- TASK INSTRUCTIONS: Each line of the records needs to be written out exactly, with any image left out.

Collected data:
::::::
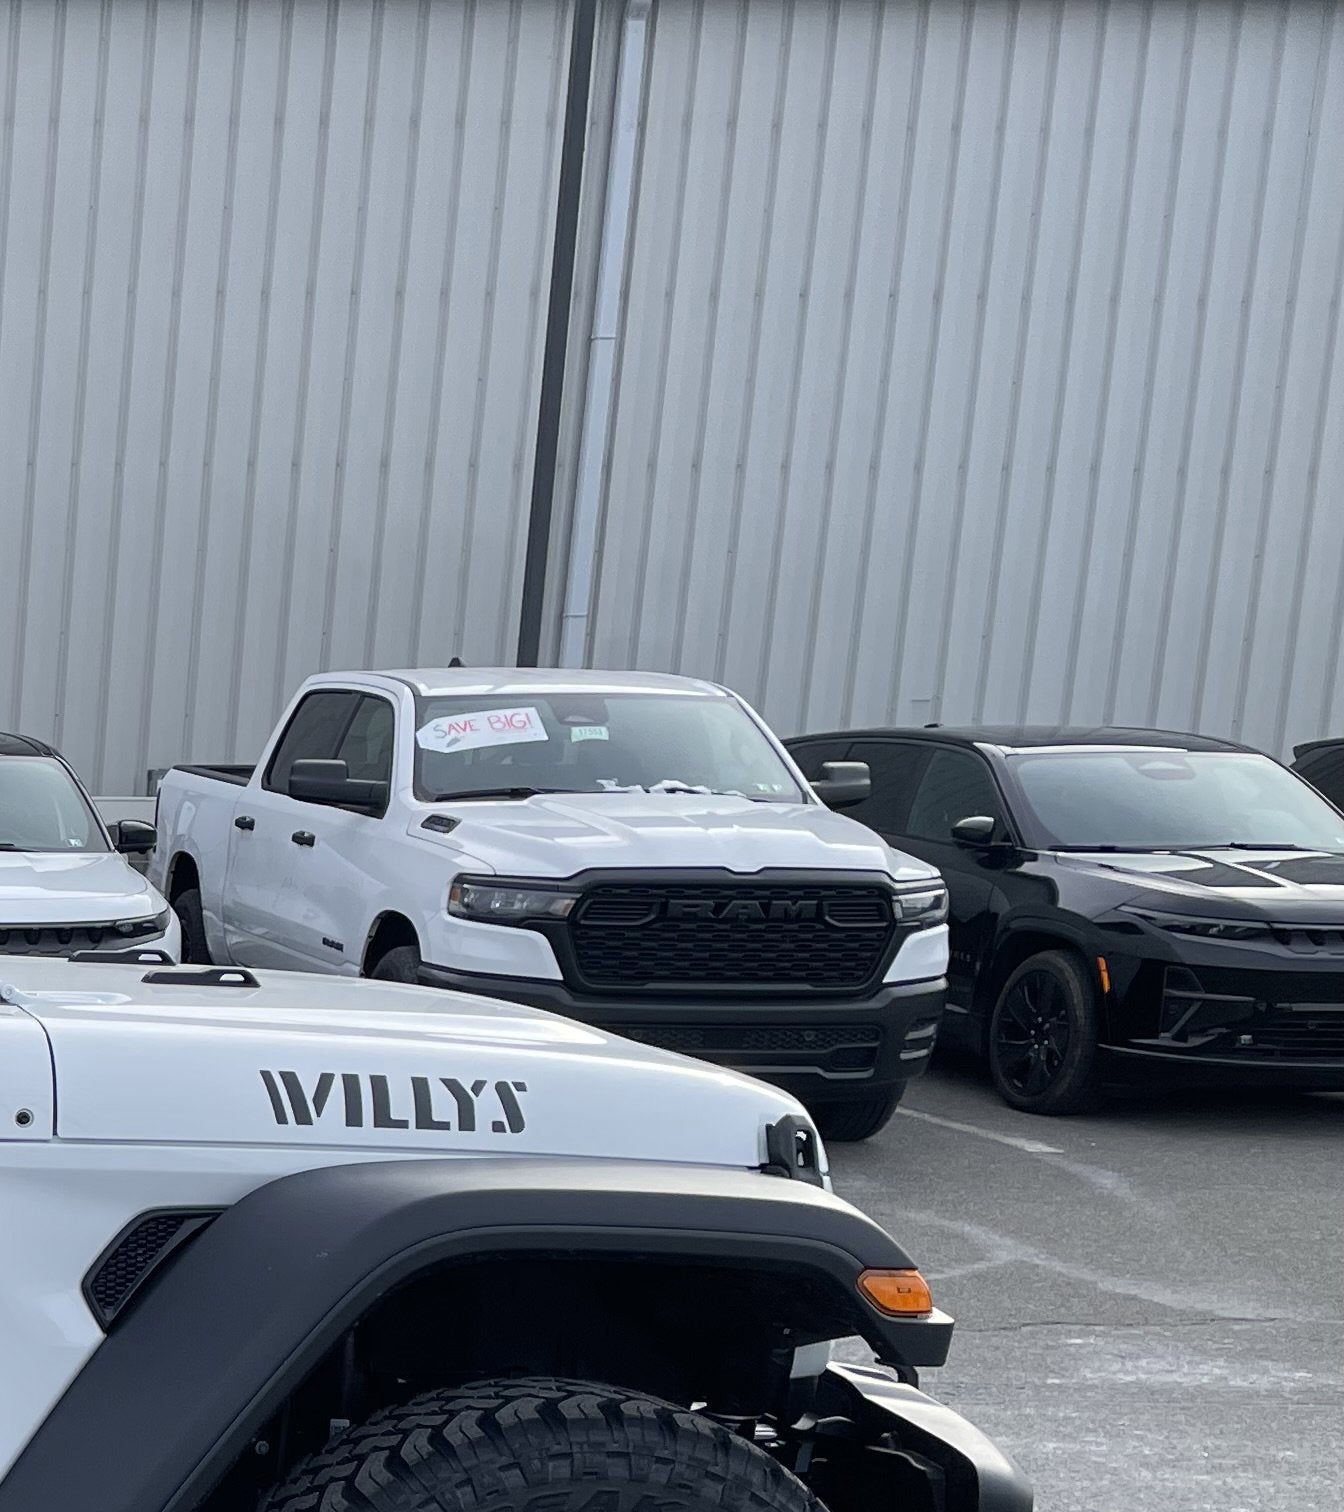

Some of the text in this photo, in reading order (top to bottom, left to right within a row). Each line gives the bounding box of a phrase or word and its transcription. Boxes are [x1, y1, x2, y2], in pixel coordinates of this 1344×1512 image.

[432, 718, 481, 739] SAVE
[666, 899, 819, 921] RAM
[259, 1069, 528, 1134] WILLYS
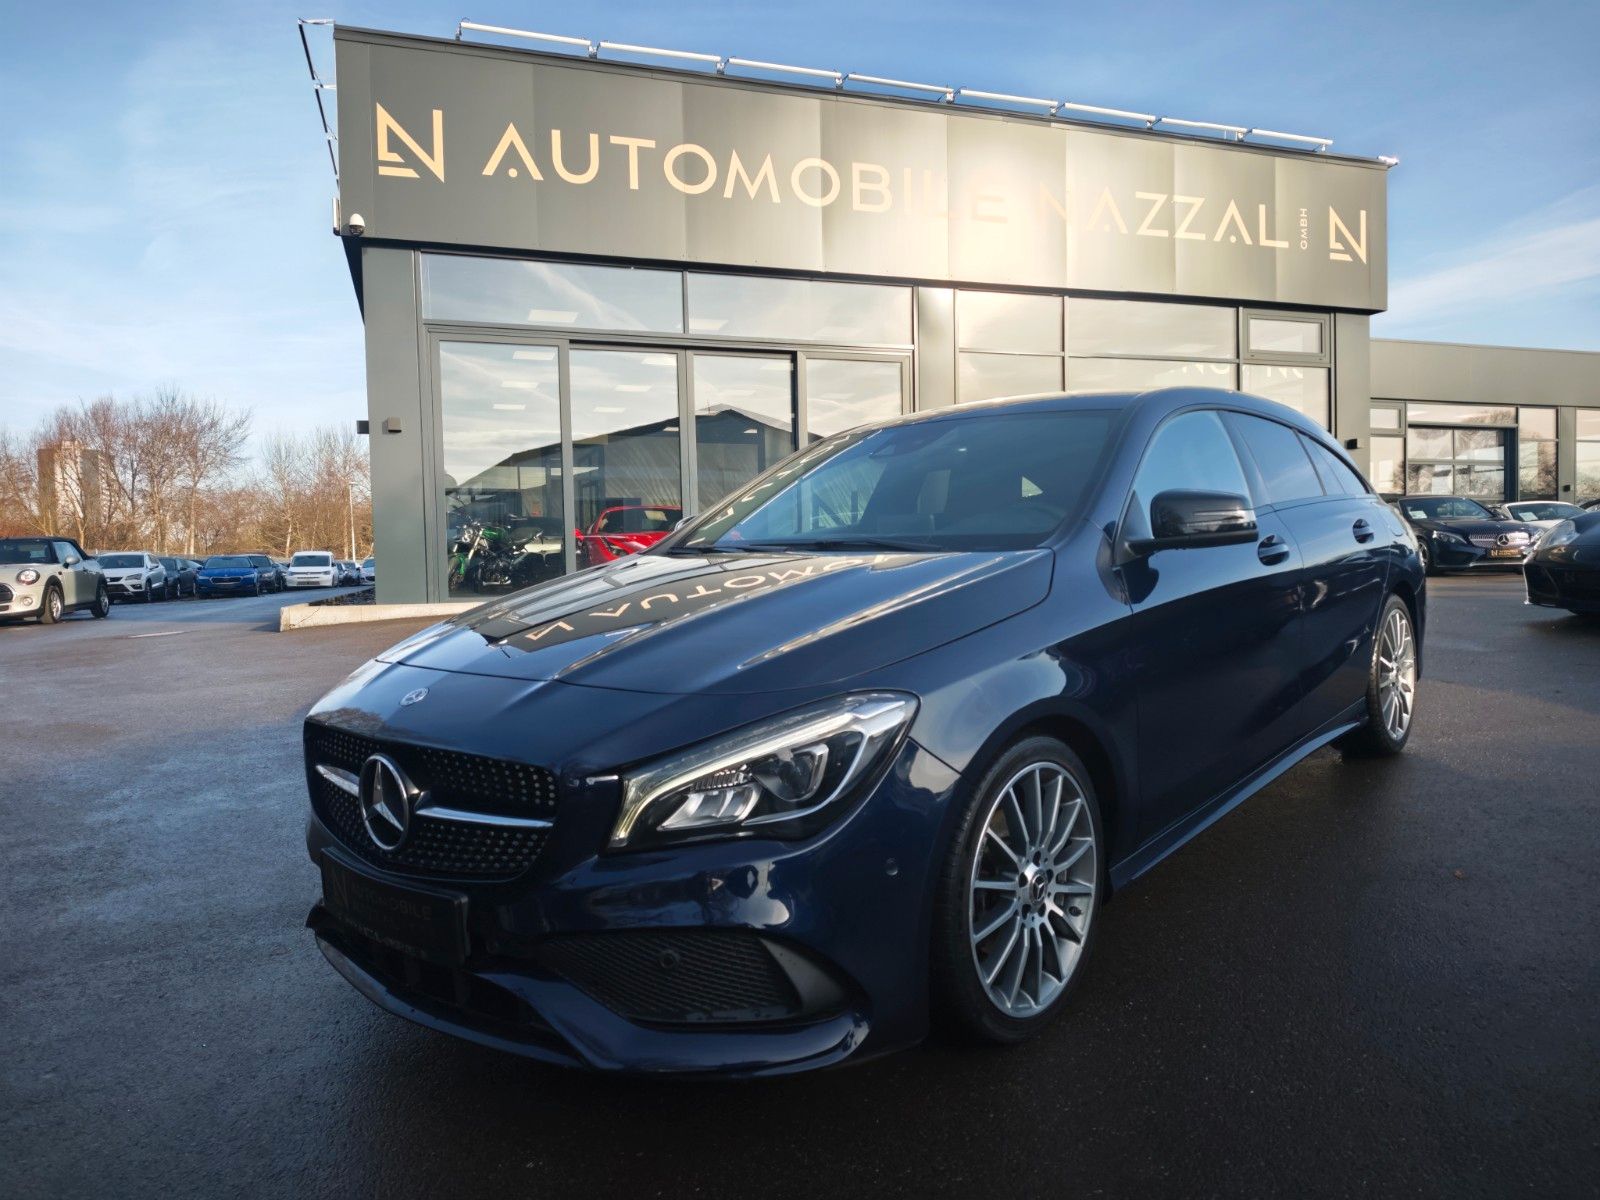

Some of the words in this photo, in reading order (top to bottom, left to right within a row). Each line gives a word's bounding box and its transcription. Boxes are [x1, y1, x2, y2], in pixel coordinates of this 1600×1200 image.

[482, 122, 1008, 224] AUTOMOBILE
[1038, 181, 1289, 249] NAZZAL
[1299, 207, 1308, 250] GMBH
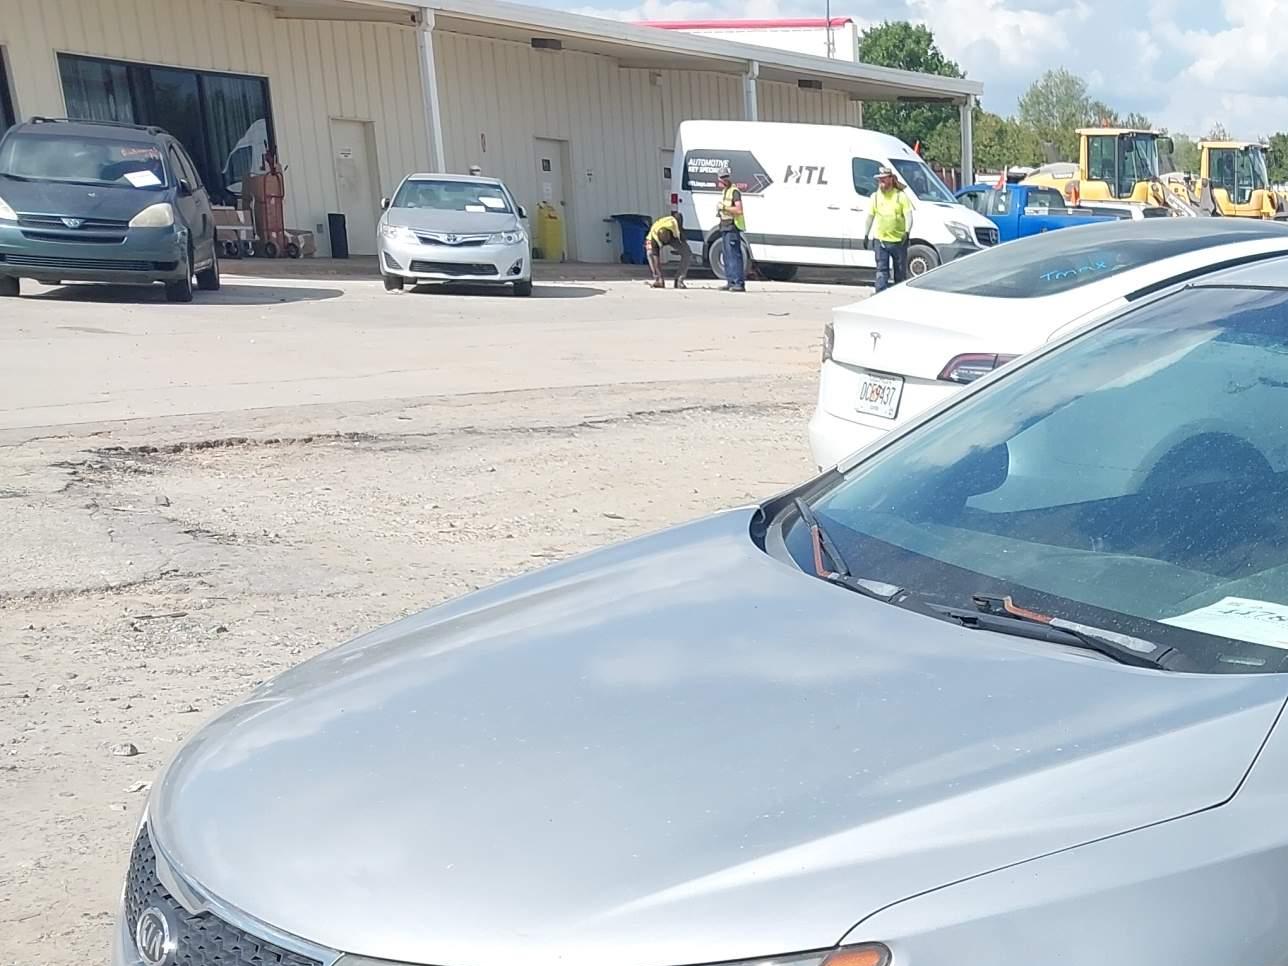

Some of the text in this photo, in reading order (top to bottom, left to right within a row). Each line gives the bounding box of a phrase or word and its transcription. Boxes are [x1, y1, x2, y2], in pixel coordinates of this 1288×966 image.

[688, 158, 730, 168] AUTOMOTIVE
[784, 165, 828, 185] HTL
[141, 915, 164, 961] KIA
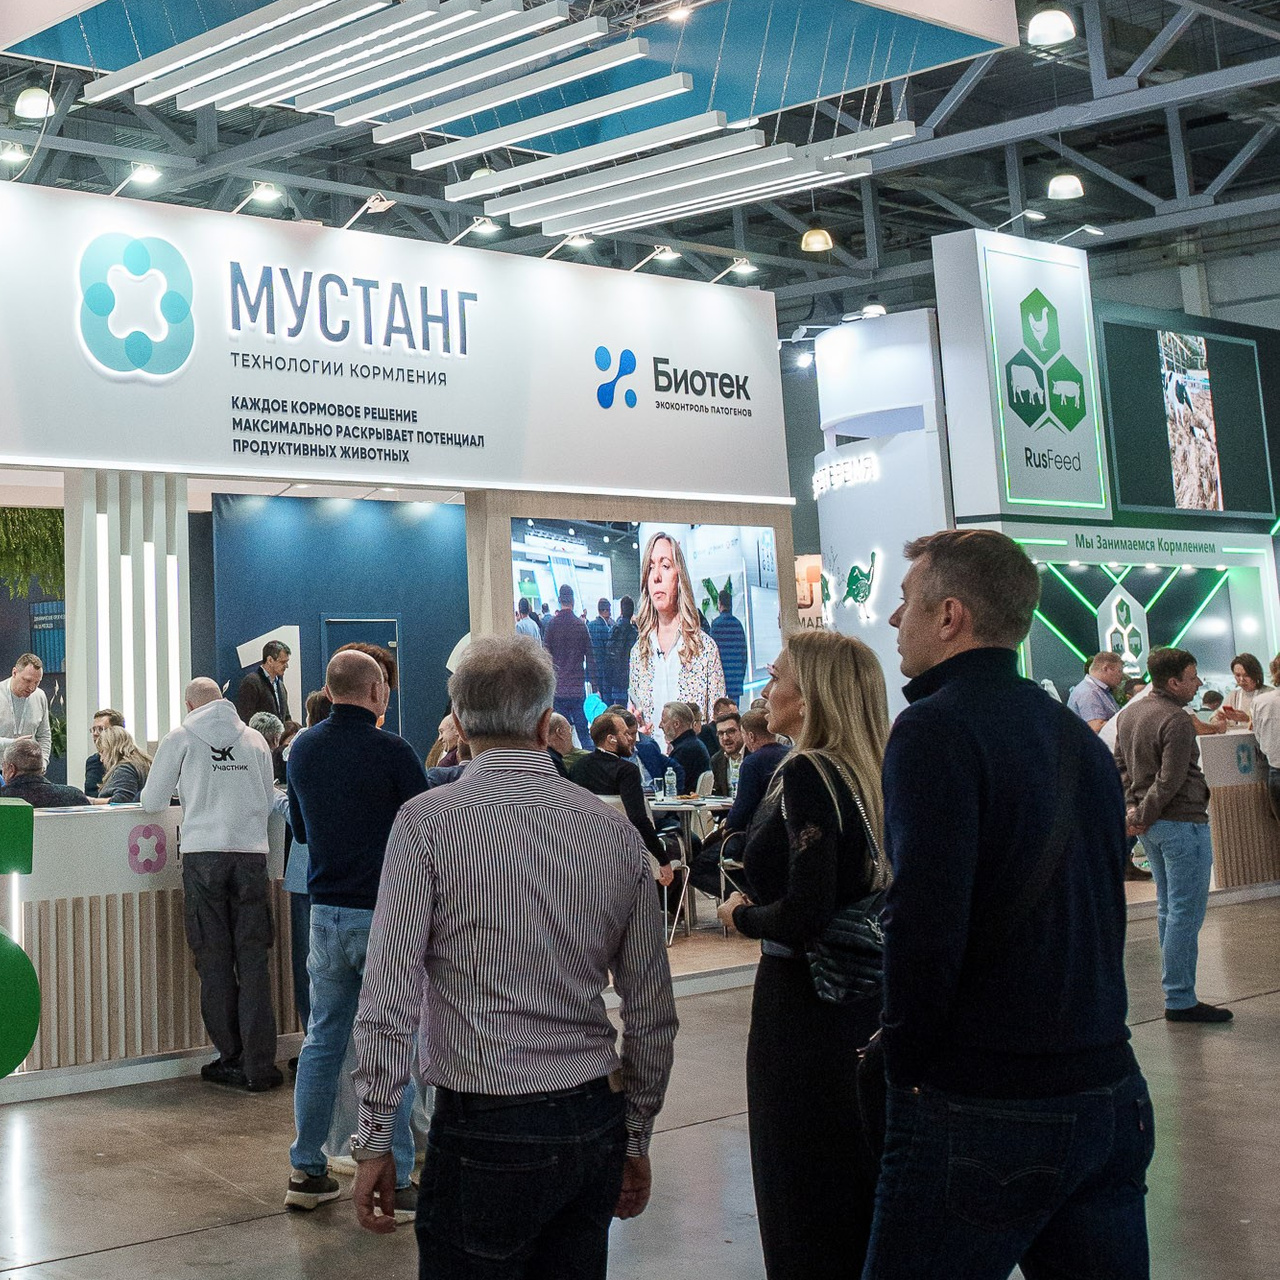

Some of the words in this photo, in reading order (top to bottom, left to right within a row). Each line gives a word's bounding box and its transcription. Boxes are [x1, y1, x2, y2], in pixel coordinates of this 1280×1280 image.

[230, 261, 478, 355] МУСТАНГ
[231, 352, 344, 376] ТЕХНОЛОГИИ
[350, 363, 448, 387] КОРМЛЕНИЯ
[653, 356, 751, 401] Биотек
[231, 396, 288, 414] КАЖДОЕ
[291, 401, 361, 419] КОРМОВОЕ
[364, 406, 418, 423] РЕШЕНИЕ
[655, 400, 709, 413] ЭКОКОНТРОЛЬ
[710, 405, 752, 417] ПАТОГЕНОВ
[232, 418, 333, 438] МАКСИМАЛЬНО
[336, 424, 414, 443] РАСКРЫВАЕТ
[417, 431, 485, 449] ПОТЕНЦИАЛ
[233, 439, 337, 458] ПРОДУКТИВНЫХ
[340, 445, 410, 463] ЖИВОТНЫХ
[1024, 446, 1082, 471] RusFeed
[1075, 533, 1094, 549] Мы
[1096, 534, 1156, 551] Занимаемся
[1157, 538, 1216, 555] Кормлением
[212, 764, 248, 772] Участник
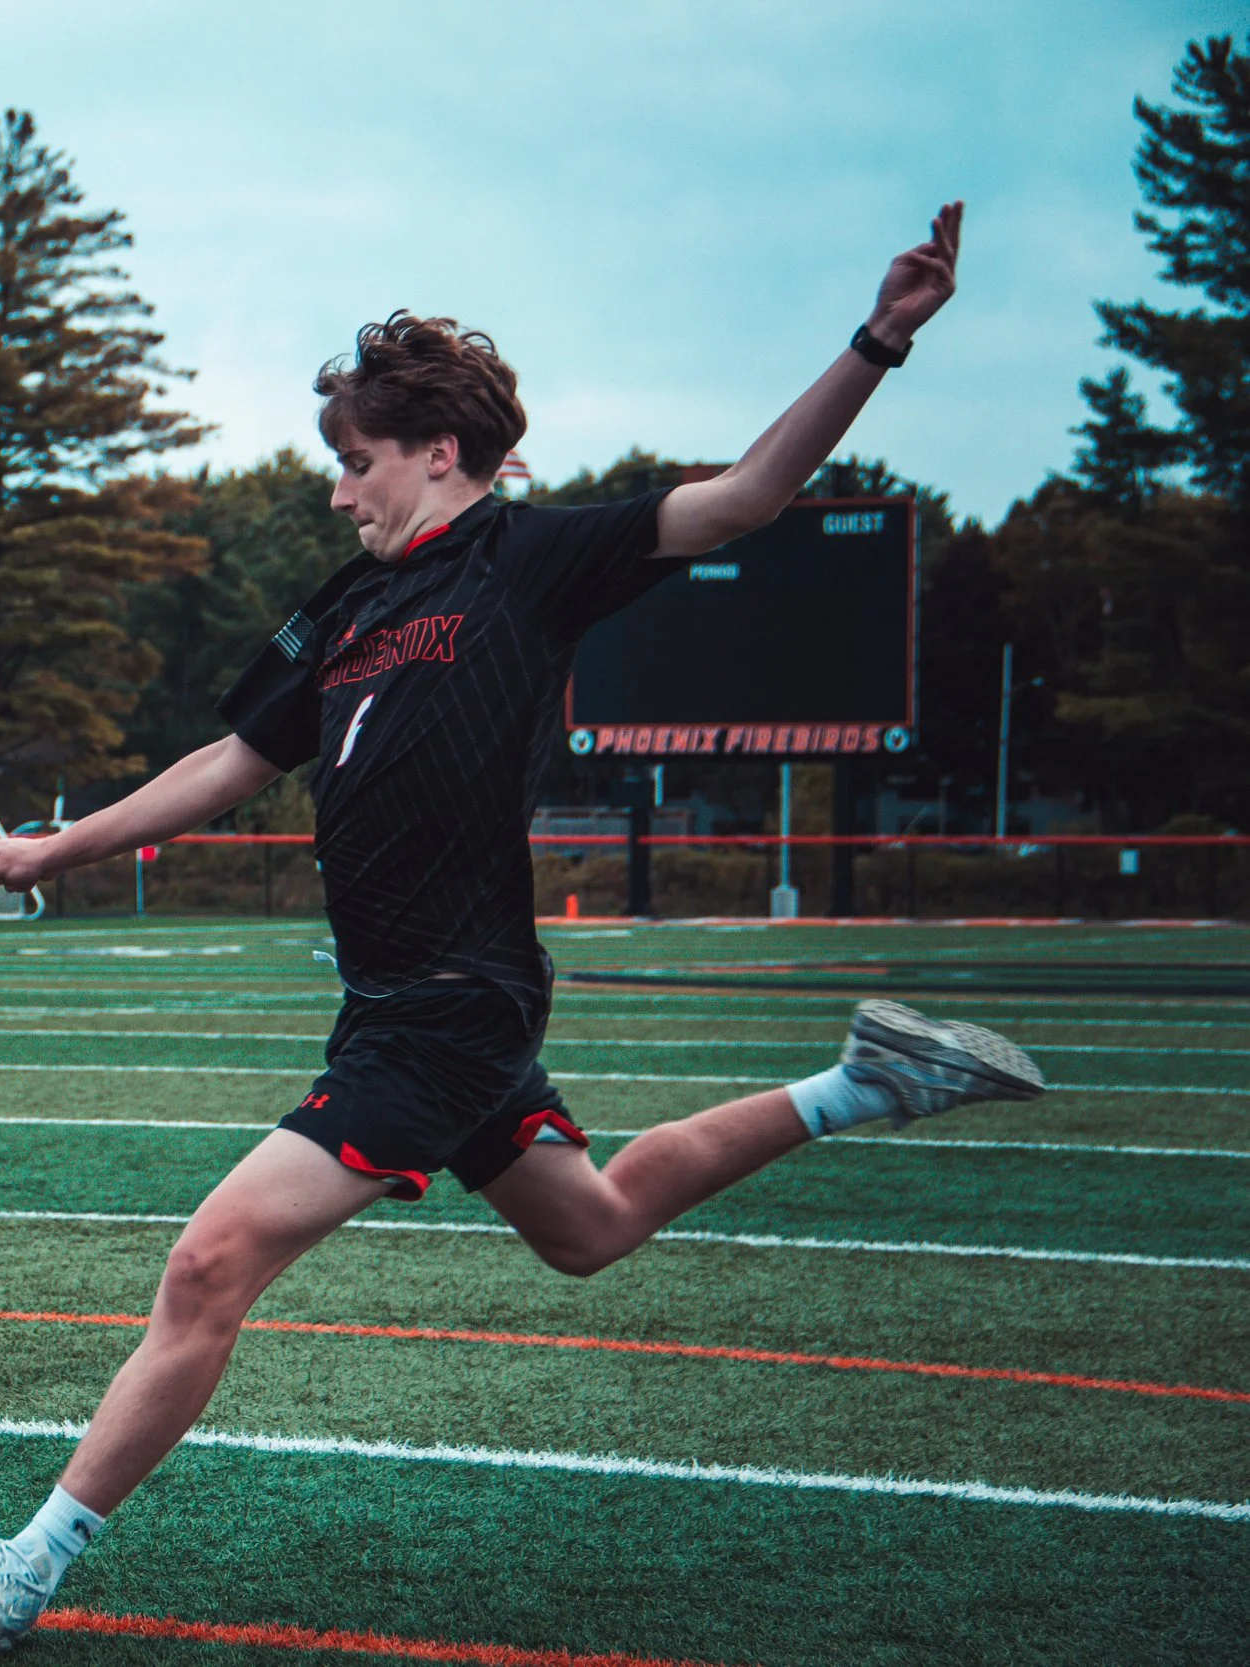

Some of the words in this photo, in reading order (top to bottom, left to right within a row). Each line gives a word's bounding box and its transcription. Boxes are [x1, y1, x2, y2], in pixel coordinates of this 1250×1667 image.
::::::
- ANSWER:
Some of the text in this photo, in reading order (top to bottom, left to right within a row). Each line gives the bounding box of a phrase or word and its transcription. Boxes are [x1, y1, x2, y2], in pixel coordinates of this 1344×1512 image.

[432, 718, 481, 739] SAVE
[666, 899, 819, 921] RAM
[259, 1069, 528, 1134] WILLYS

Some of the words in this photo, in reading order (top to bottom, left to right within a row). Each line gives a word's bounding box and its transcription. Boxes are [x1, y1, x2, y2], in pixel coordinates of this 1600×1200 image.

[482, 122, 1008, 224] AUTOMOBILE
[1038, 181, 1289, 249] NAZZAL
[1299, 207, 1308, 250] GMBH

Some of the text in this photo, in reading order (top to bottom, left to right within a row). Each line gives the bounding box of a phrase or word and its transcription. Boxes are [x1, y1, x2, y2], in pixel coordinates of this 1288×966 image.

[688, 158, 730, 168] AUTOMOTIVE
[784, 165, 828, 185] HTL
[141, 915, 164, 961] KIA

Some of the words in this photo, in reading order (top to bottom, left to right within a row). Each line gives a word's bounding box and its transcription. Boxes are [x1, y1, x2, y2], in pixel coordinates of this 1280×1280 image.

[230, 261, 478, 355] МУСТАНГ
[231, 352, 344, 376] ТЕХНОЛОГИИ
[350, 363, 448, 387] КОРМЛЕНИЯ
[653, 356, 751, 401] Биотек
[231, 396, 288, 414] КАЖДОЕ
[291, 401, 361, 419] КОРМОВОЕ
[364, 406, 418, 423] РЕШЕНИЕ
[655, 400, 709, 413] ЭКОКОНТРОЛЬ
[710, 405, 752, 417] ПАТОГЕНОВ
[232, 418, 333, 438] МАКСИМАЛЬНО
[336, 424, 414, 443] РАСКРЫВАЕТ
[417, 431, 485, 449] ПОТЕНЦИАЛ
[233, 439, 337, 458] ПРОДУКТИВНЫХ
[340, 445, 410, 463] ЖИВОТНЫХ
[1024, 446, 1082, 471] RusFeed
[1075, 533, 1094, 549] Мы
[1096, 534, 1156, 551] Занимаемся
[1157, 538, 1216, 555] Кормлением
[212, 764, 248, 772] Участник

Some of the words in this photo, in reading order (top to bottom, left to right within a row). Each line gives a word's bounding box and its transcription. Boxes are [x1, y1, x2, y2], in pixel coordinates of this 1250×1667 image.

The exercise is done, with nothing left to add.